Redacción Negocios Now
Un número cada vez mayor de estadounidenses se prepara para lo peor. Según una reciente encuesta de YouGov, el 42% de los ciudadanos cree que Estados Unidos podría enfrentar un “colapso económico total” en la próxima década, mientras que más de un tercio considera probable un conflicto civil. Este nivel de pesimismo refleja la percepción de que múltiples riesgos (económicos, políticos y tecnológicos) se están combinando, generando incertidumbre generalizada.
El ejemplo histórico más cercano es la Gran Depresión de los años 30. Durante ese periodo, el desempleo en EE. UU. llegó cerca del 25%, el mercado bursátil perdió casi el 90% de su valor y la recuperación completa tomó varias décadas. Aunque la economía actual es mucho más resiliente, el temor a una caída severa no es completamente infundado.
Deudas, inflación y riesgos fiscales
Uno de los factores que alimenta esta preocupación es la creciente deuda federal. Según el Committee for a Responsible Federal Budget, la deuda de Estados Unidos ha alcanzado aproximadamente el 100% del Producto Interno Bruto (PIB), y tanto los déficits como los costos de intereses continúan aumentando. El grupo advierte que, sin cambios en las políticas fiscales, “alguna forma de crisis es casi inevitable”.
Una crisis fiscal podría manifestarse de varias formas: un choque en los mercados financieros, un aumento repentino de la inflación, una depreciación del dólar o incluso una erosión gradual del nivel de vida a lo largo del tiempo.
Riesgos sistémicos y globales
Algunos expertos advierten que los riesgos podrían ser aún más profundos. Richard Bookstaber, especialista en riesgos financieros, afirmó en The New York Times que la próxima recesión podría superar la gravedad de la crisis financiera de 2008.

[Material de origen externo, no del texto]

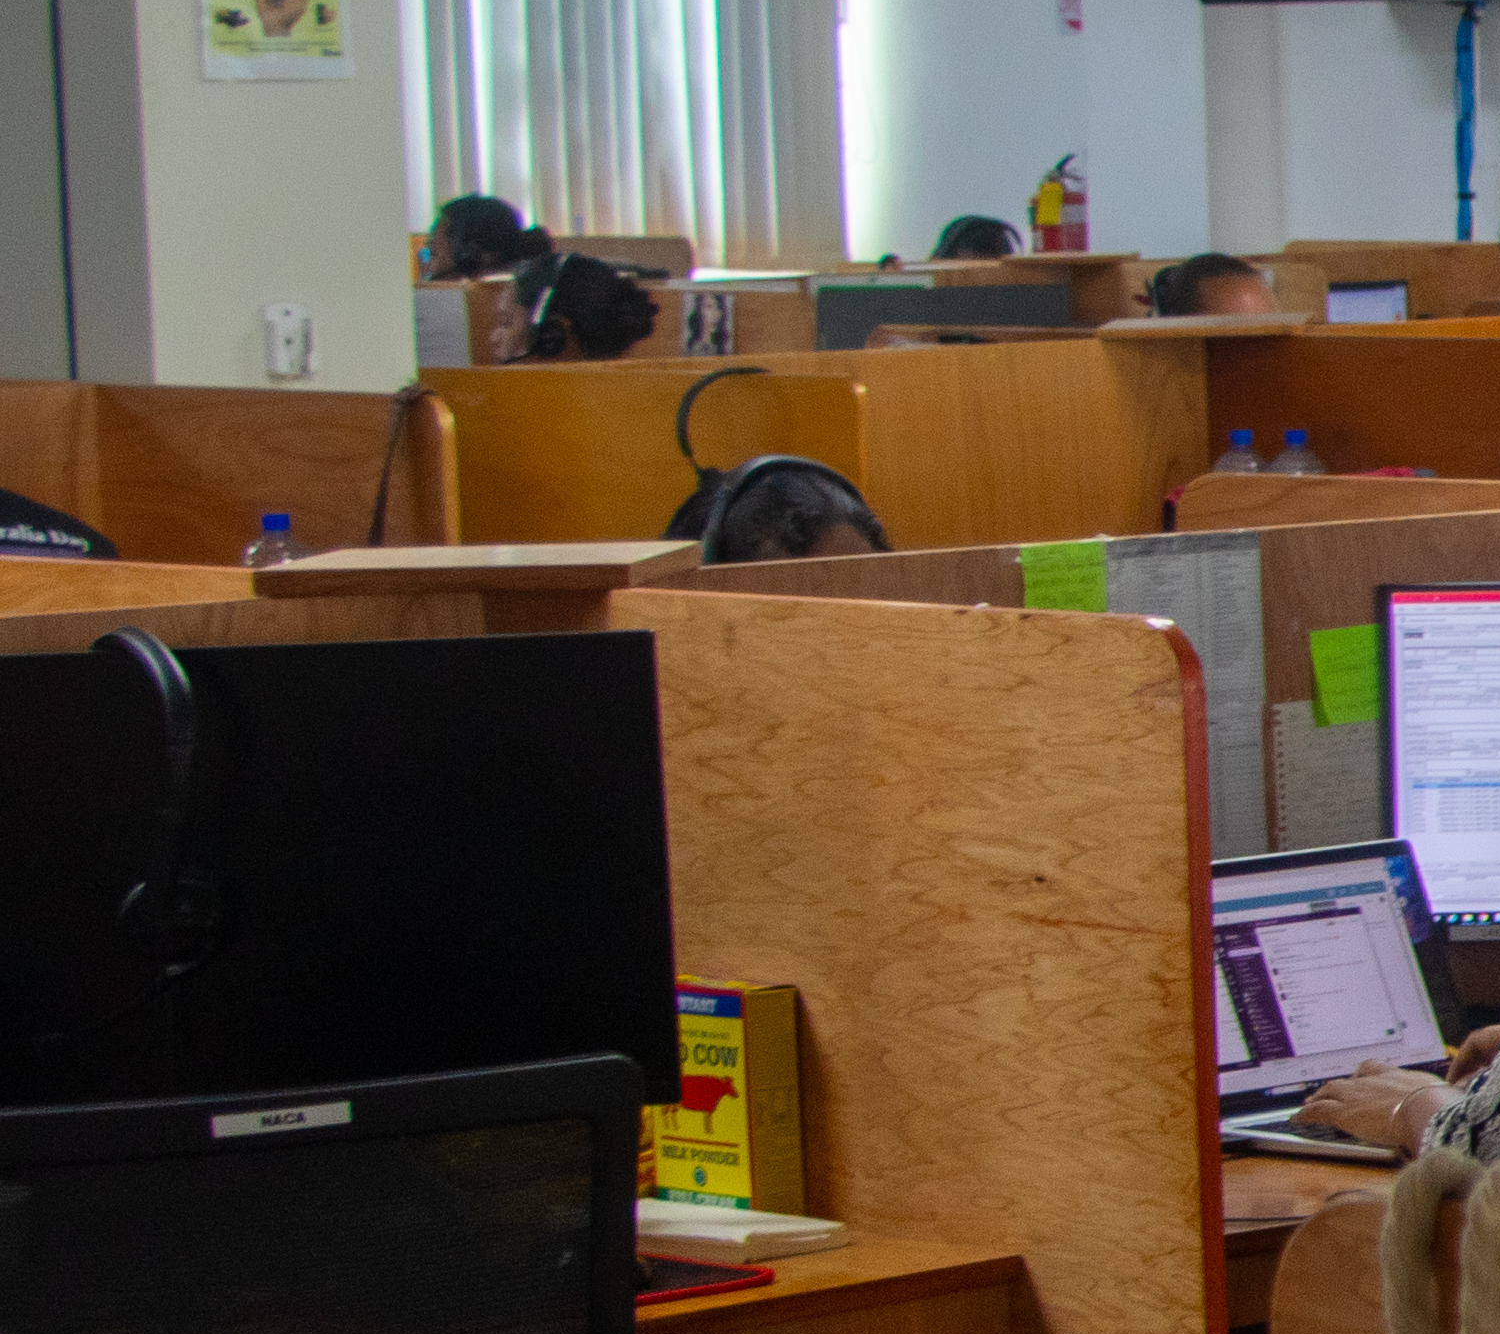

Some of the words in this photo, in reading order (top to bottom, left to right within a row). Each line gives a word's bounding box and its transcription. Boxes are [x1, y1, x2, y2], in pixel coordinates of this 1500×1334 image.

[48, 529, 91, 553] Day
[693, 1044, 739, 1067] COW
[690, 1148, 741, 1166] POWDER
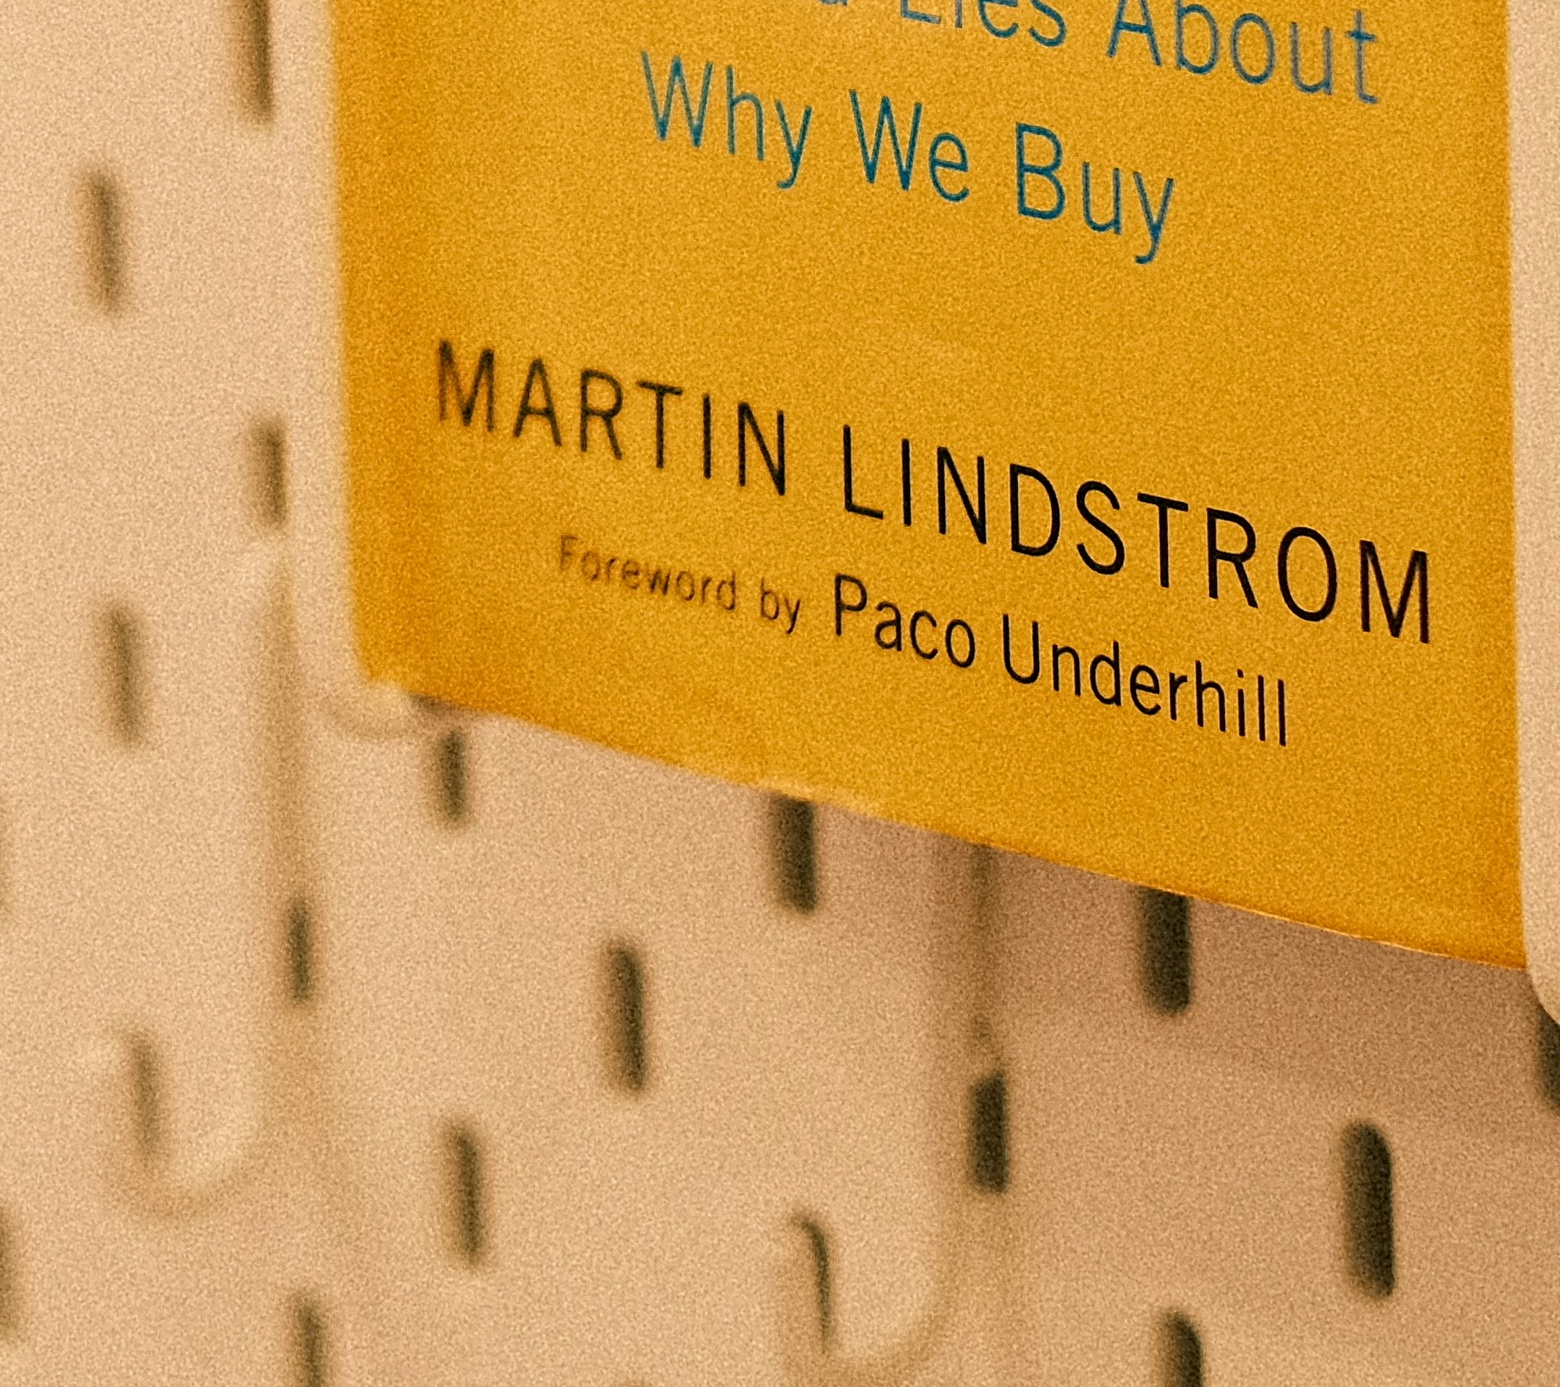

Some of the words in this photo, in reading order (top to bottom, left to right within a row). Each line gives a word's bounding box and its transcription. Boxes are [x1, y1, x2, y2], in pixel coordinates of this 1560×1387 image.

[639, 51, 816, 193] Why
[847, 88, 972, 206] We
[1012, 119, 1177, 268] Buy
[434, 337, 790, 499] MARTIN
[839, 423, 1433, 646] LINDSTROM
[556, 533, 739, 614] Foreword
[758, 574, 804, 635] by
[831, 570, 980, 672] Paco
[999, 613, 1290, 748] Underhill
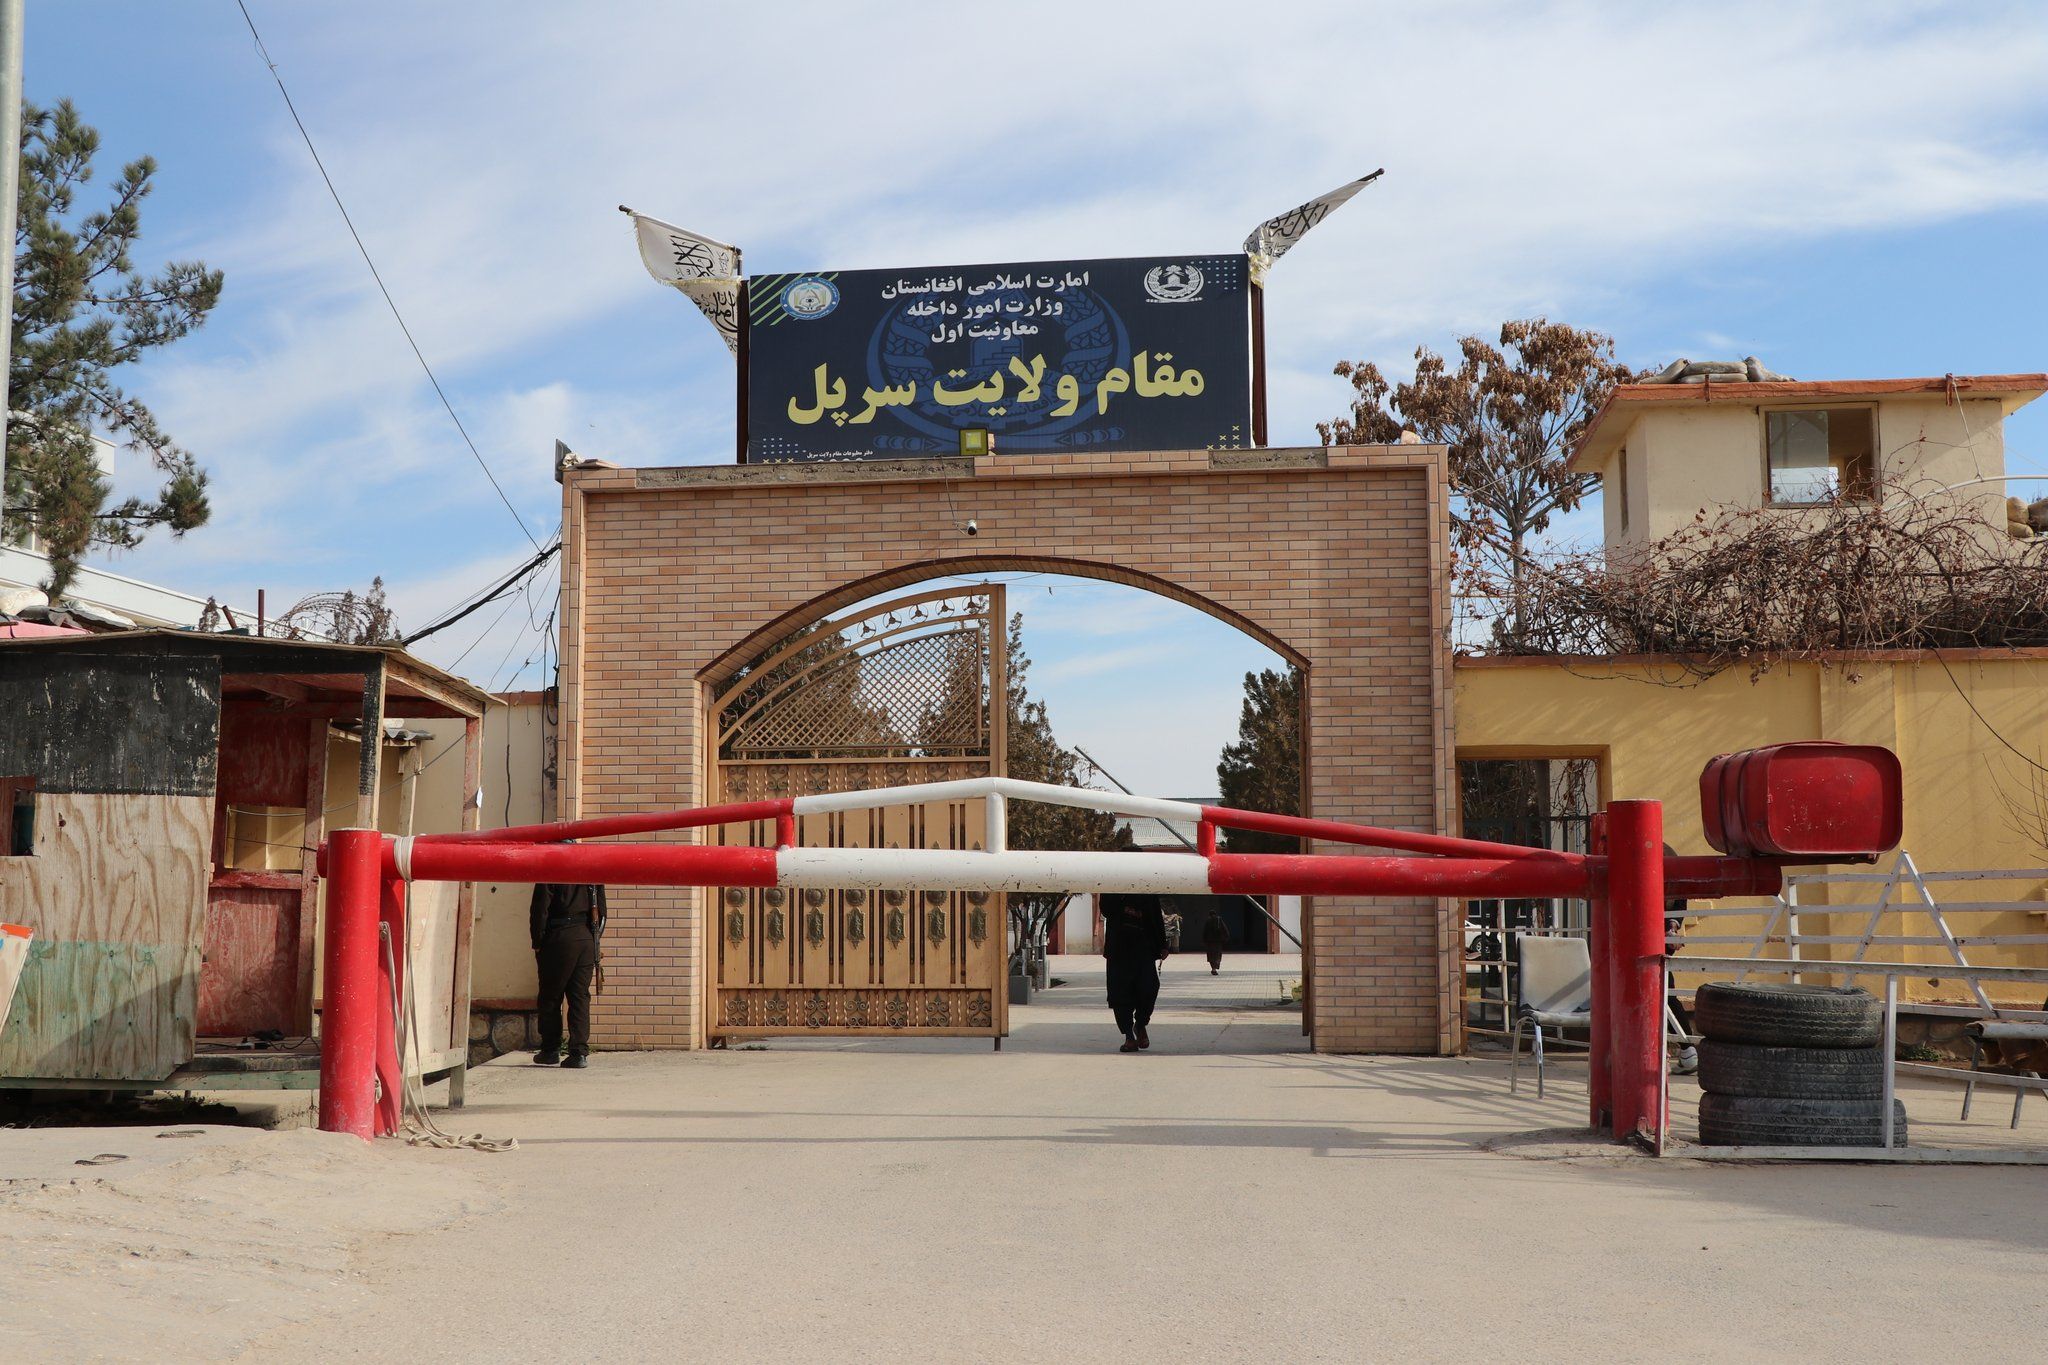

Su preocupación radica en que el sistema financiero actual está estrechamente interconectado, uniendo mercados, inteligencia artificial, cadenas de suministro y factores geopolíticos. Esto significa que un choque en un área —como un conflicto con Irán o tensiones en torno a Taiwán— podría propagarse rápidamente y afectar a toda la economía.
Los mercados energéticos ya muestran señales de tensión. Informes recientes indican que las interrupciones en el estrecho de Ormuz, que maneja alrededor del 20% del comercio energético mundial, han elevado los precios del petróleo, aumentando la preocupación por la inflación y el riesgo de recesión.
El impacto de la tecnología
Otro factor de incertidumbre es el rápido avance de la inteligencia artificial. Según un estudio de Citrini Research, la pérdida de empleos impulsada por la automatización podría desencadenar una espiral económica negativa: reducción de salarios, caída del consumo y eventual inestabilidad de los mercados financieros.
Aunque este escenario es hipotético, refleja un temor creciente: que el cambio tecnológico podría transformar la economía más rápido de lo que los trabajadores y las instituciones pueden adaptarse.
El miedo de muchos estadounidenses a un colapso económico total no es solo una percepción emocional, sino que está alimentado por factores tangibles: deuda creciente, riesgos sistémicos, tensiones geopolíticas y cambios tecnológicos acelerados. Si bien la probabilidad exacta de un colapso similar a la Gran Depresión sigue siendo objeto de debate, estos riesgos ponen de relieve la necesidad de prepararse y de implementar políticas que fortalezcan la resiliencia de la economía.